On March 8, we at getGFTD celebrated International Women’s Day, a day to celebrate the social, economic, cultural, and political achievements of women. Each year the IWD Community dedicates a theme to the day. For 2024, the theme is #InspireInclusion in a world to forge gender equality. The month of March is Women’s History Month which encourages the study, observance, and celebration of the vital role of women in American history. As a certified women-owned business from the Women’s Business Enterprise National Council (WBENC), getGFTD is passionate about providing women with opportunities to work for a startup.

Today, women-owned businesses actively contribute to our growing economy. Since 1972, this number has increased by over 3000%. Part of this is due to the 1988 passing of H.R. 5050, allowing women to take out business loans in their names. The US Census Bureau estimates that women-owned businesses collectively retain 10.9 million employees and contribute $432.1 billion in annual payroll in 2021. 21.4% of US-based employer businesses are women-owned and the number is growing. Feed your curiosity with these seven iconic women-founded and owned businesses. 

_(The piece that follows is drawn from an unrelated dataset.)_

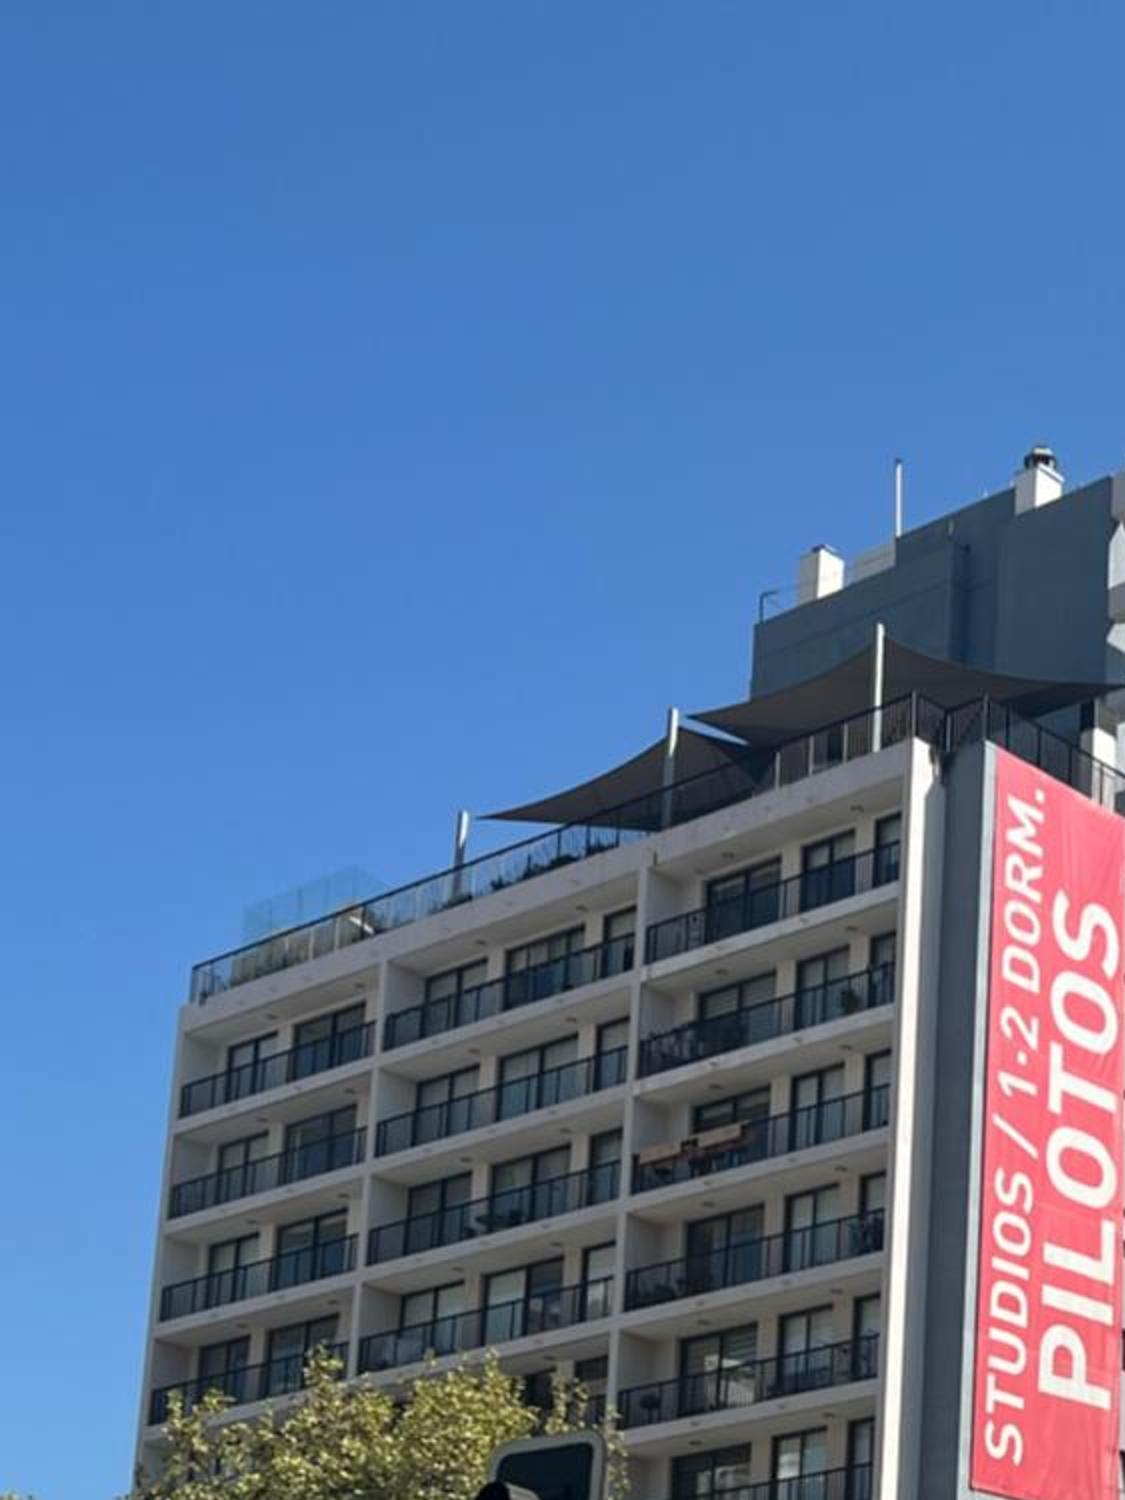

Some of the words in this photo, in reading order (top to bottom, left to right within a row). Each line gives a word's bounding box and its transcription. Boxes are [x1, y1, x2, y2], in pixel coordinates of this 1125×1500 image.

[1001, 788, 1045, 994] DORM.
[993, 1113, 1039, 1160] /
[1037, 889, 1120, 1411] PILOTOS
[984, 1167, 1034, 1467] STUDIOS

  1. Started as a digital magazine that empowers women in the art world, Eliza Ali founded Art She Says in 2019. Presenting luxury content, exhibitions, art advisory, and exclusive networking events, Ali has curated a special website for women interested in the art world and makes it accessible via the Internet, something new and needed. With an escape into the Mediterranean, “Weekend Journal” was formed, a nostalgic, humor-oriented website. With a focus on art, brunch, travel, and leisure, the articles are written under feminist and current rhetoric lenses. Ali offers advice to women starting their businesses: “Block the noise. Forge your own path. Don’t be afraid to proudly tell people who you are and what you’re doing. Stay passionate, trust yourself, and never give up. The right people will notice.”
  2. Beloved graphic design website, Canva began with a passion for developing a design platform that did not require any technical expertise from people, and a mother-daughter dream to revolutionize yearbook creation. Founder, Melanie Perkins, grew her “crazy, big dream” into a site with 100 million monthly users with 8 billion projects created since 2013. Canva exemplifies entrepreneurial excellence, serves as an inspiration for aspiring female leaders in the tech industry, and showcases innovative achievements.
  3. BioNTech SE, a woman-cofounded biotechnology company led by Dr. Ugur Sahin and Dr. Özlem Türeci, strides in the field of mRNA technology. Their pioneering work led to groundbreaking achievements, like the development of the COVID-19 vaccine in collaboration with Pfizer. By leveraging their expertise and vision, BioNTech pushes the boundaries of science, with a commitment to advancing the frontiers of medical research and improving patient outcomes on a global scale.
  4. Julie Wainwright founded The RealReal after a friend purchased items from the consignment rack of a luxury name-brand store, forever alternating her perspective of shopping secondhand. Forging into the online shopping market, there was a gap in online shopping that preserves and authenticates luxury brands, ultimately removing barriers to consignment. For her, the hardest part was raising capital, something male venture capitalists don’t think much of. In seven months, she took the business from an idea to giving it a name, registering the business, raising capital, and designating a warehouse and office space. She encourages women they “cannot be afraid of failure – that fear will fetter anyone from taking the risks required to move forward.”
  5. Moving behind her advertising career, Lynda Resnick purchased farmland in California with her husband and launched her own business selling agricultural products. Known as The Wonderful Company, a global enterprise hosts a diverse range of high quality, healthy products/brands, like Wonderful Pistachios, Pom Wonderful, and FIJI Water. Coined the “Pom Queen,” she made pomegranate juice a national sensation. In addition to driving business with powerful and dynamic marketing campaigns, she is dedicated to philanthropic endeavors, like health and wellness programs for employees. In discussing her role as a business owner and philanthropist, she states “The hard part is rolling up your sleeves and doing the work to make real change yourself.”
  6. With $1,500 to her name in 1978, Janice Bryant Howroyd created ActOne Group. She entered the business frame in high school where she missed representation of entrepreneurs, eventually building her own company and moving forward as a female entrepreneur she wished her younger self knew. Now, ActOne Group has blossomed with 17,000 clients, 2,600 global employees, use of 50 languages, and operations in 33 countries as a workforce management group for mid-market and government agencies. ActOne remains the largest, privately held, minority-woman-owned American company.  Bryant Howroyd shares her advice for success: “Humans of any age or gender: never compromise who you are personally to become who you wish to be professionally.”
  7. Julia Hartz launched Eventbrite in 2008 as a way to streamline the promotion of local events while reducing costs for creators, increasing reach, and boosting sales. In 2011 the company earned $50 million, established a UK office in 2012, entered the New York Stock Exchange in 2018, and has powered four million experiences by 2020. She identifies work ethic, connection to personal roots, and the power of entrepreneurship, as tools for lasting success.